Various guidance documents from FDA and the European Medicines Agency (EMA) have been published regarding stability testing of clinical trials materials (CTMs). The language regarding duration of testing in these documents tends to be vague, however. For Phase I trials, FDA recommends monitoring of the stability and quality of the drug during the clinical trial (1). Similarly, EMA recommends an ongoing stability program be performed with accelerated and long-term storage studies initiated prior to the study (2).
For Phase II and III trials, FDA expects submission of a description of the stability performance and also suggests the development of stability-indicating analytical procedures that will detect significant changes in the quality of the drug product (3). The agency also encourages the completion of stress studies at Phase II, while in Phase III studies these stability studies should be extended to provide marketing application stability data.
While the International Council for Harmonization (ICH) guidelines on stability testing (4) specifically indicate that formal stability protocols do not apply to CTMs and such protocols are not required for clinical stability studies or submission as part of clinical authorization applications, it is highly recommended that companies do conduct stability studies by means of established procedures.
For CTMs, at a minimum, real-time data must be collected for a sufficient period to demonstrate shelf life for the product in use, as well as cover the duration for any intended clinical trial, according to Alyn McNaughton, technical director at Lonza Pharma & Biotech. The essential purpose of these stability studies, adds Geoff Carr, director of analytical development for Patheon Pharma Services by Thermo Fisher Scientific, is to ensure that CTMs will remain satisfactory over the period that they are intended to be administered to subjects enrolled in the clinical study, which is often dependent on the clinical trial phase.

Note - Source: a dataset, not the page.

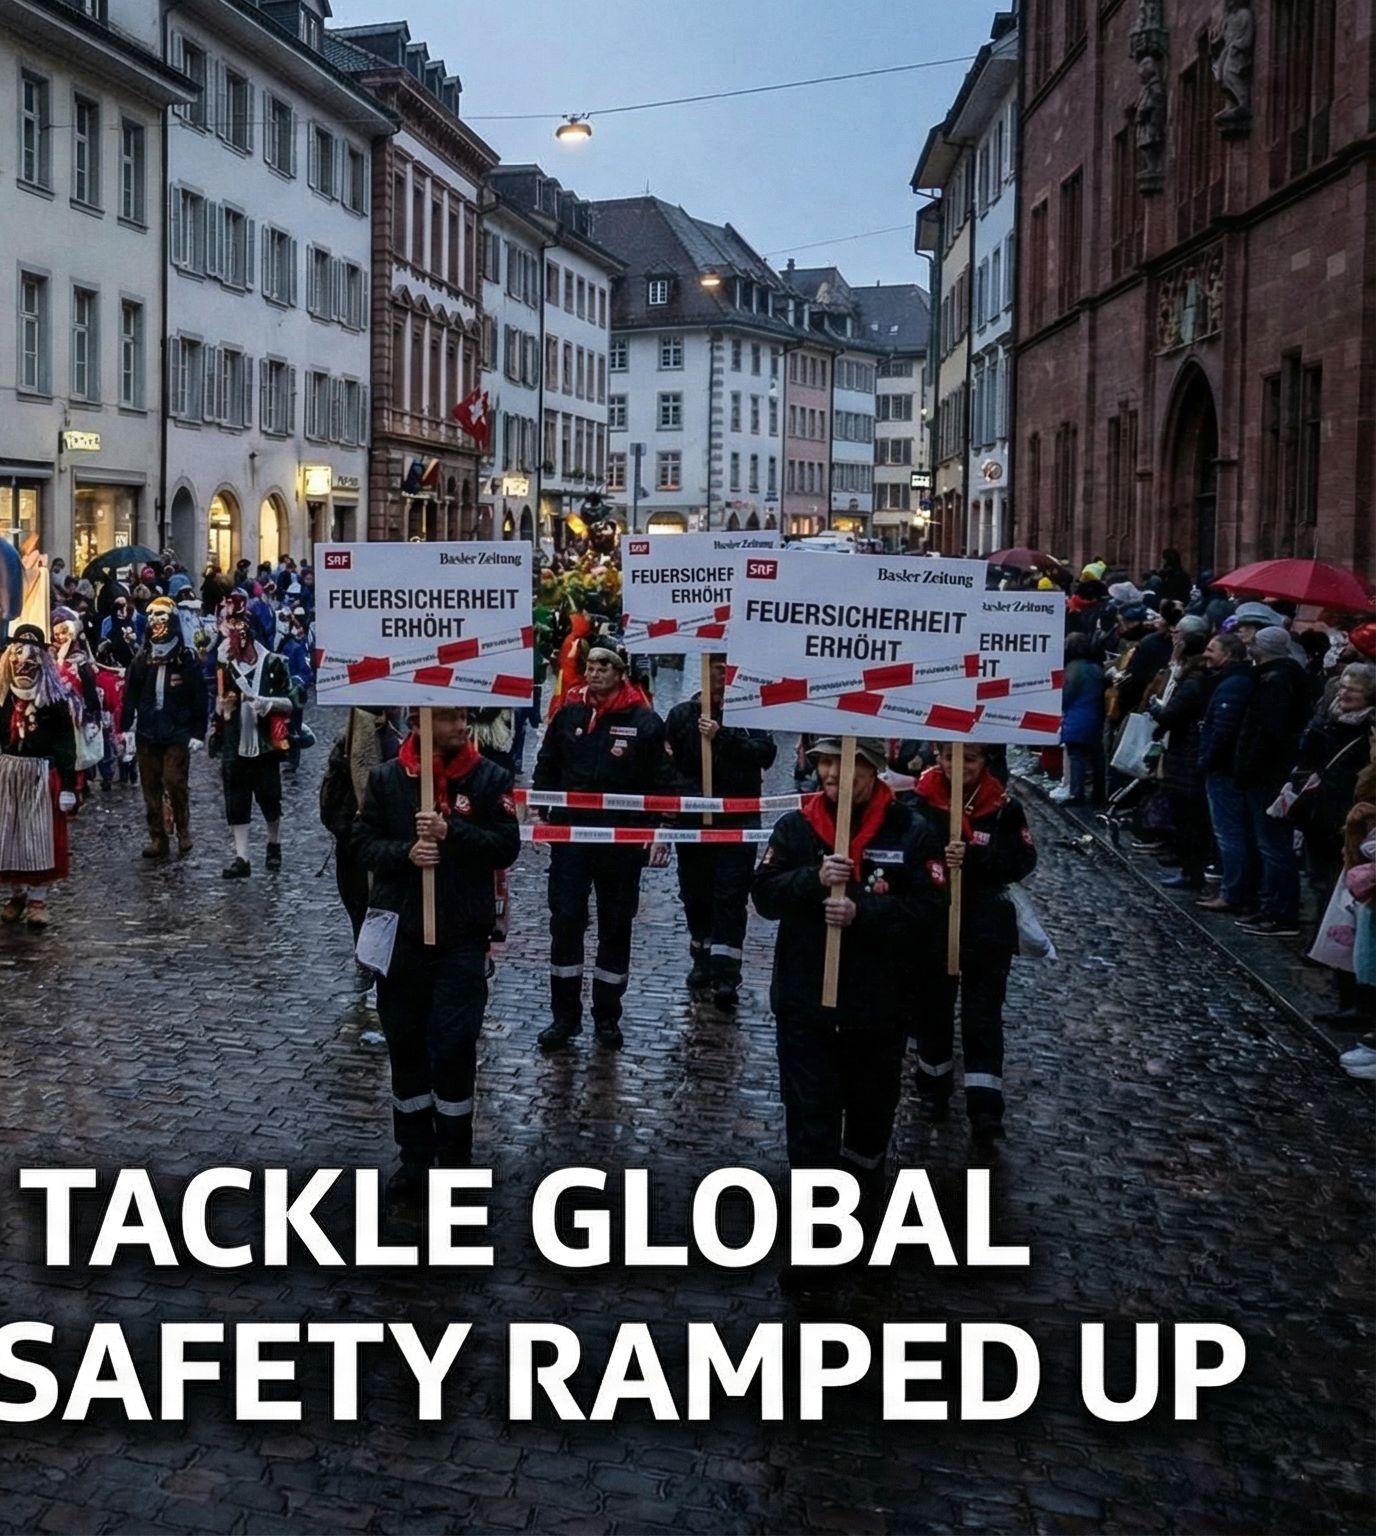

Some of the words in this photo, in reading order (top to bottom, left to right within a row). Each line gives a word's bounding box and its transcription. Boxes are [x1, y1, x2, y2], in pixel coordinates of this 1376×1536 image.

The duration of a clinical phase will vary depending upon the number of subjects required to complete the study, the therapeutic indication and the data read out period, according to Teresa Iley, director of pharmaceutical development and manufacture for Intertek Pharmaceutical Services. It also tends to get longer as the project progresses, which impacts the required length of the stability study, adds McNaughton.
“As stability testing is commonly on the critical path for any product development, due to the need for real-time data, most stability studies are extended beyond the required time period to gain more knowledge about the product’s robustness and potential maximum shelf life. This approach allows an understanding of product supply needs for future clinical evaluation; for example, if additional manufacturing may be required during a clinical study to supplement product supply for batches that will expire during the clinical study, or if the product’s shelf life is not long enough for future trials or even for a viable commercial product,” he says.
Iley notes that shelf-life justification can be supplemented by data generated from technical batches manufactured in support of clinical trial applications, but it is typically recommended that the actual batches used to supply the trial are also assessed concurrently with the trial.
Initially a CTM is put on stability at both the long-term or storage temperature and under accelerated conditions. If the material is stable under both, the shelf life can be extrapolated up to twice the period covered by the long-term data (5), according to Judy Carmody, founder and principal consultant of Carmody Quality Solutions. “For Phase I trials, for instance, there may be one pull point at three months, which would allow an extrapolated shelf life of six months,” she explains.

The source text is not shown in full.